Section 6 is entitled “Inspection and Testing”. It’s eight pages (yes I counted them) in the guideline with one focus: The proper completion of the inspection tag, a document that’s obviously considered more important than the actual test reports, “samples” of which are also provided on your website with the disclaimer not to use them.
6.8.9 highlights some examples of “deficiencies based on the applicable Codes, Standards or Manufacturing Specifications”. I’m sorry to say that “(a) Upgrade the fire safety system or equipment to meet current code/standard” is NOT a “deficiency” in CAN/ULC-S536-13 which defines the word as:
“For the purposes of this Standard, this term refers to a device or function that does not operate as intended.”
So does an RFPT report a fire alarm system as being “deficient” if it doesn’t comply with the current Code/Standard? I would have a difficult time supporting this.
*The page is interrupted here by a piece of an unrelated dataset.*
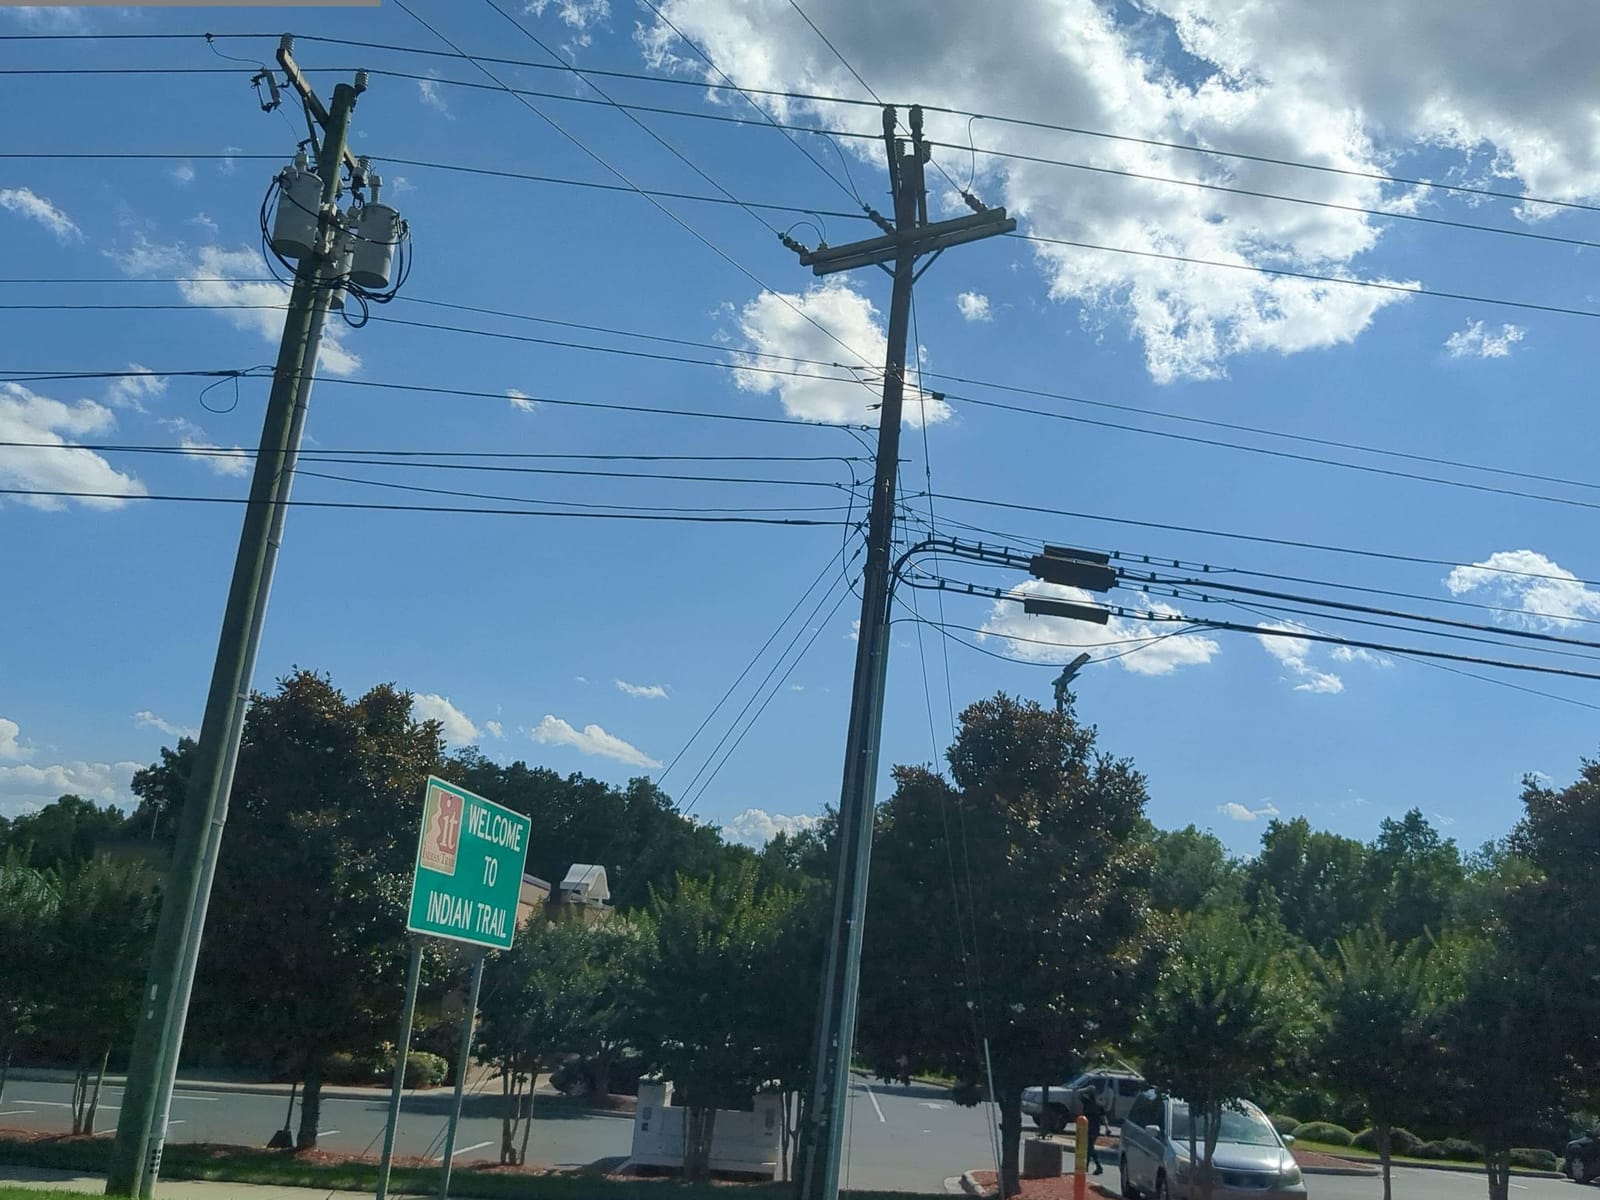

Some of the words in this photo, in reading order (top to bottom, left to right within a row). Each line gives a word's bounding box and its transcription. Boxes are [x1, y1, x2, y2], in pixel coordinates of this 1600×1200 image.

The use of something the Standard provides in the Appendix C2.14 entitled “Recommendations” would help the Authority Having Jurisdiction identify fire alarm systems in their communities that may require some extra attention, but then again, it’s pretty well a given that the fire service companies that cut those all-important pay cheques might also take a dim view of an RFPT in their employ “rocking the boat” everyone’s been comfortable sitting in. Keep in mind that even though the SoP clearly states the RFPT’s responsibilities in reporting non-compliant, non-functional fire safety equipment, the ability for them to DOCUMENT and maintain records of the service could well contravene an employer’s Code of Conduct and/or entail accessing privileged, confidential company information. Further discussion will be necessary to formulate a method which protects both the interests of the employer as well as the RFPT who may have to respond to a complaint down the road.
My two cents, for what it’s worth. There’s more, but I haven’t exactly been “invited” to participate in the process (or to your shindig on the 17th).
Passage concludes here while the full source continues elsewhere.